- [Exercise details] Output the listing word for word, minus pictures.

- [Dataset content]
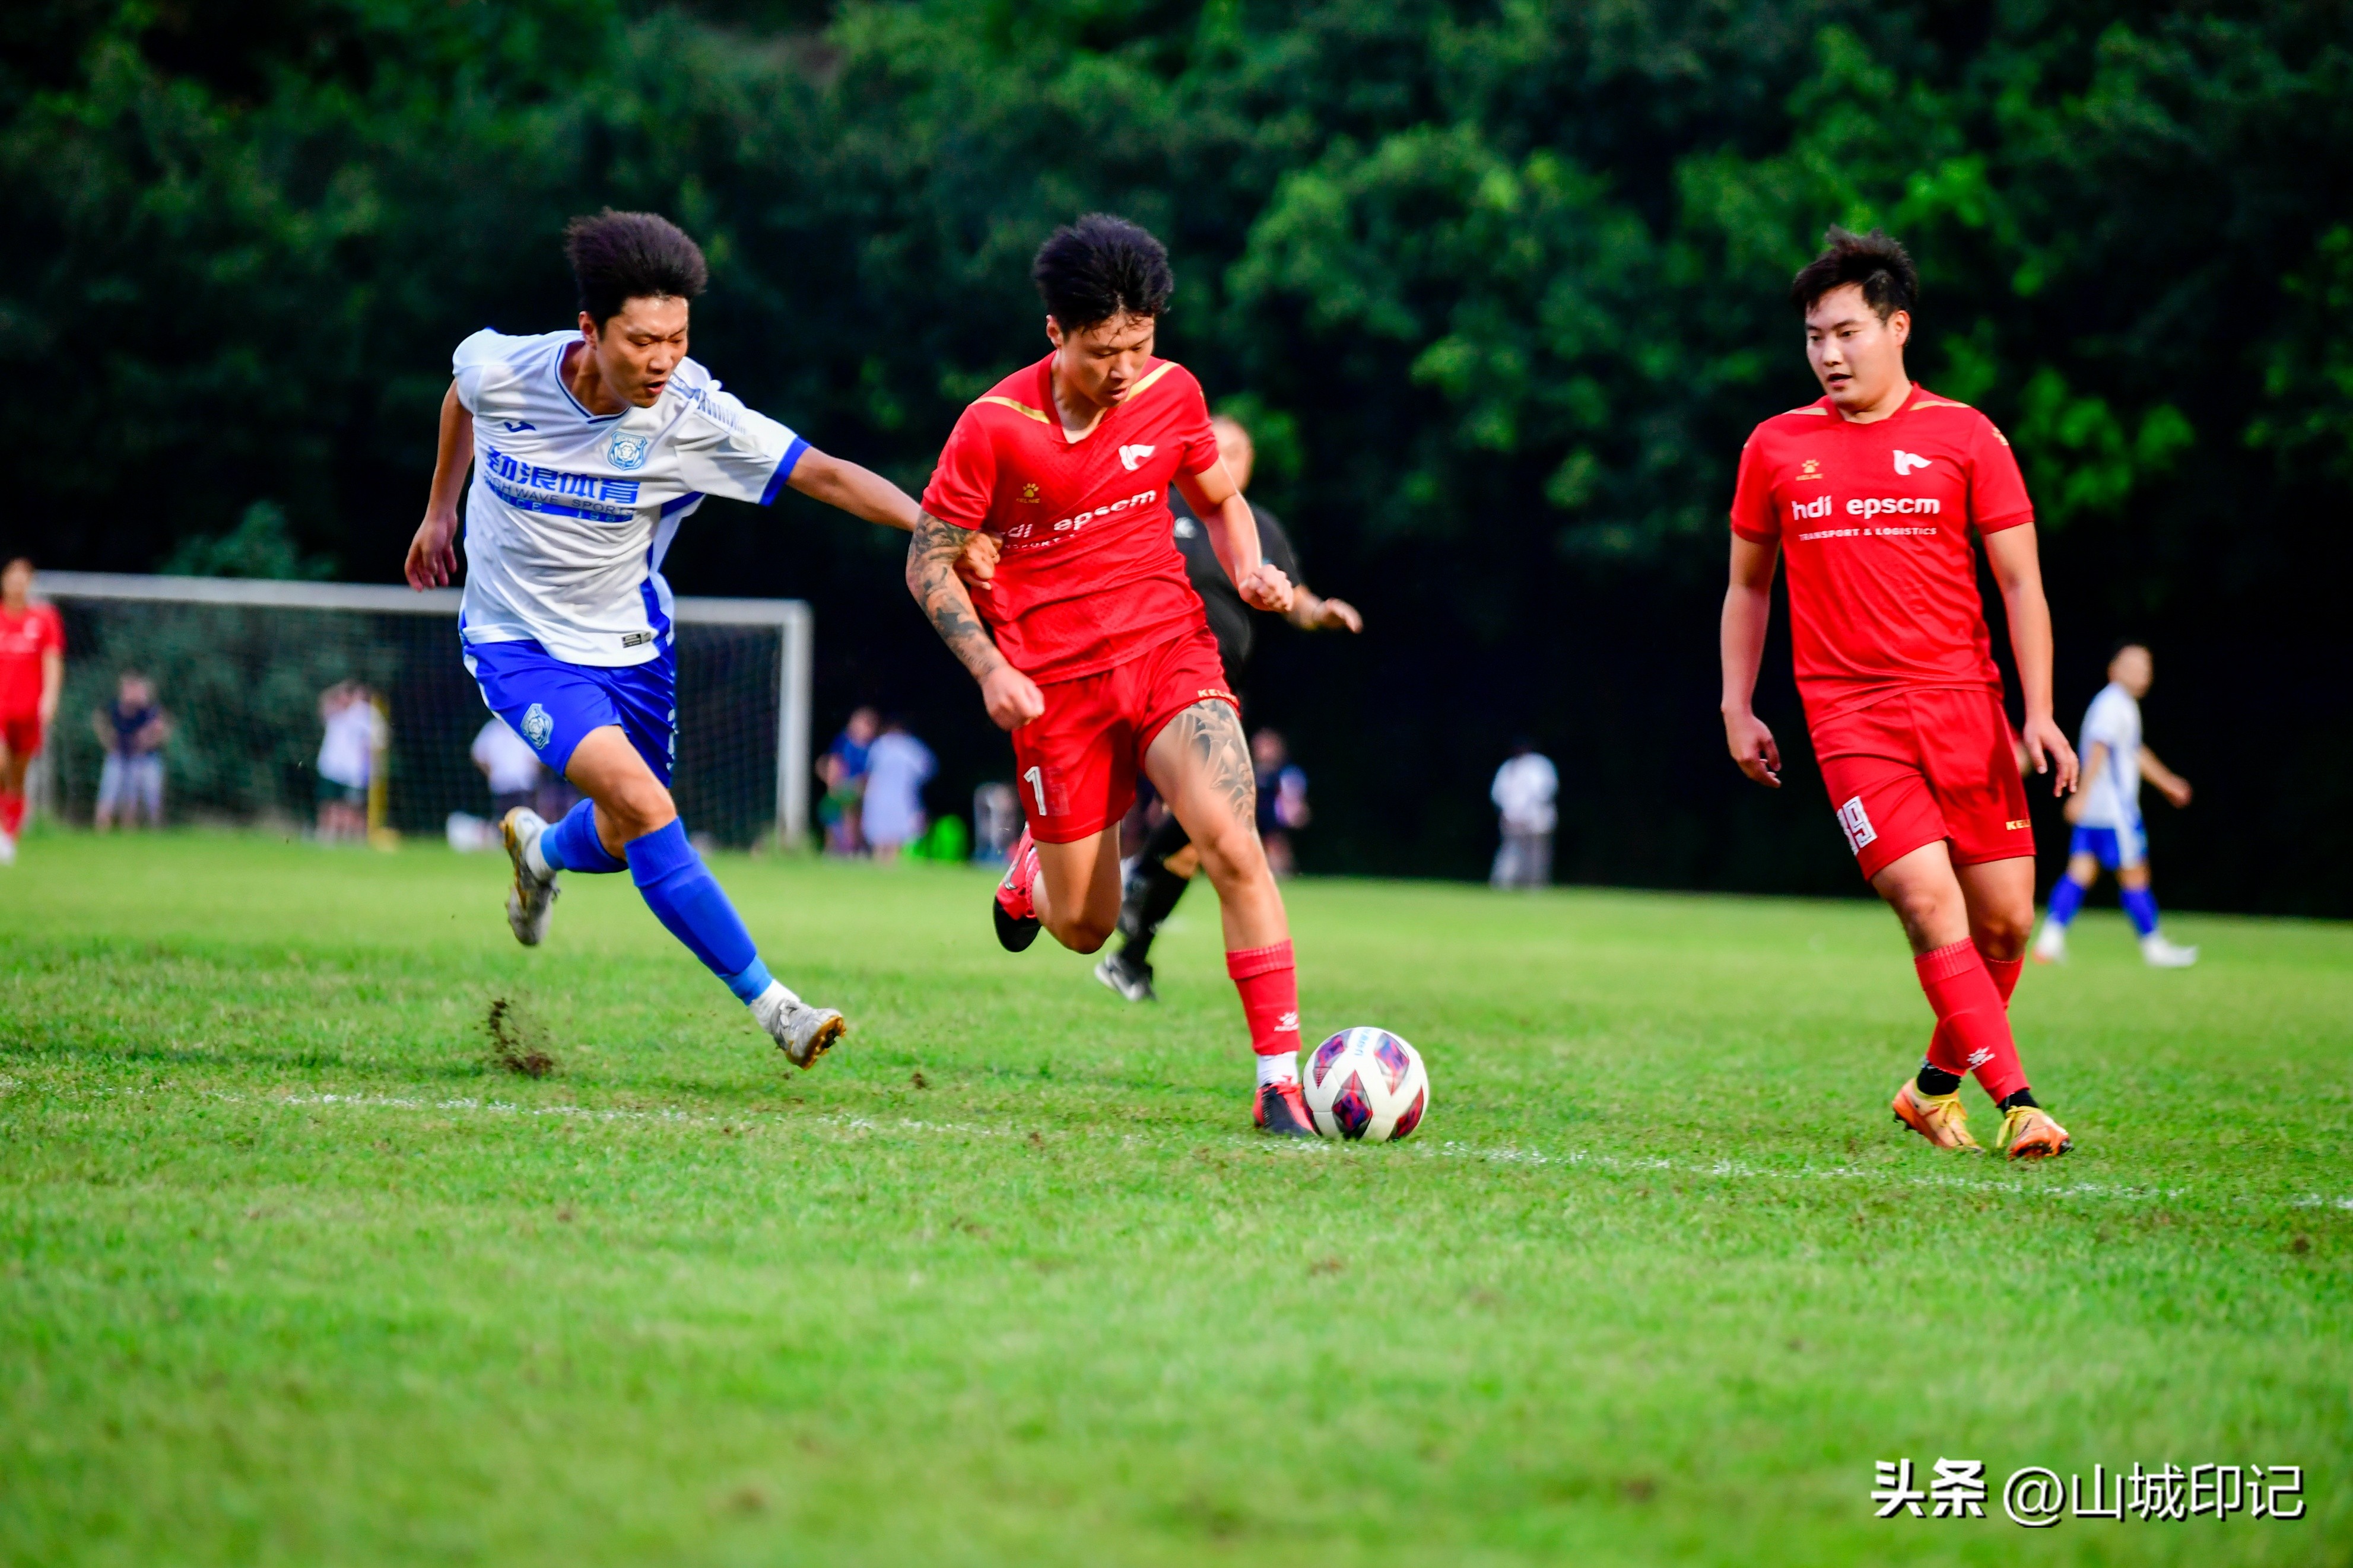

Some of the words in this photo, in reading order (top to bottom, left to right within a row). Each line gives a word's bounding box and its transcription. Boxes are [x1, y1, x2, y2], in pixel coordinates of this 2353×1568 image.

[516, 487, 559, 504] WAVE
[1054, 489, 1157, 531] epscm
[1791, 495, 1832, 520] hdi
[1846, 497, 1941, 519] epscm
[1798, 528, 1860, 541] TRANSPORT
[1863, 528, 1872, 536] &
[1875, 527, 1937, 536] LOGISTICS

- [Result of this exercise]
Some of the words in this photo, in reading order (top to bottom, left to right within a row). Each line gives a word's bounding box and its transcription. Boxes are [x1, y1, x2, y2], in pixel coordinates of this 2353×1568 image.

[516, 487, 559, 504] WAVE
[1054, 489, 1157, 531] epscm
[1791, 495, 1832, 520] hdi
[1846, 497, 1941, 519] epscm
[1798, 528, 1860, 541] TRANSPORT
[1863, 528, 1872, 536] &
[1875, 527, 1937, 536] LOGISTICS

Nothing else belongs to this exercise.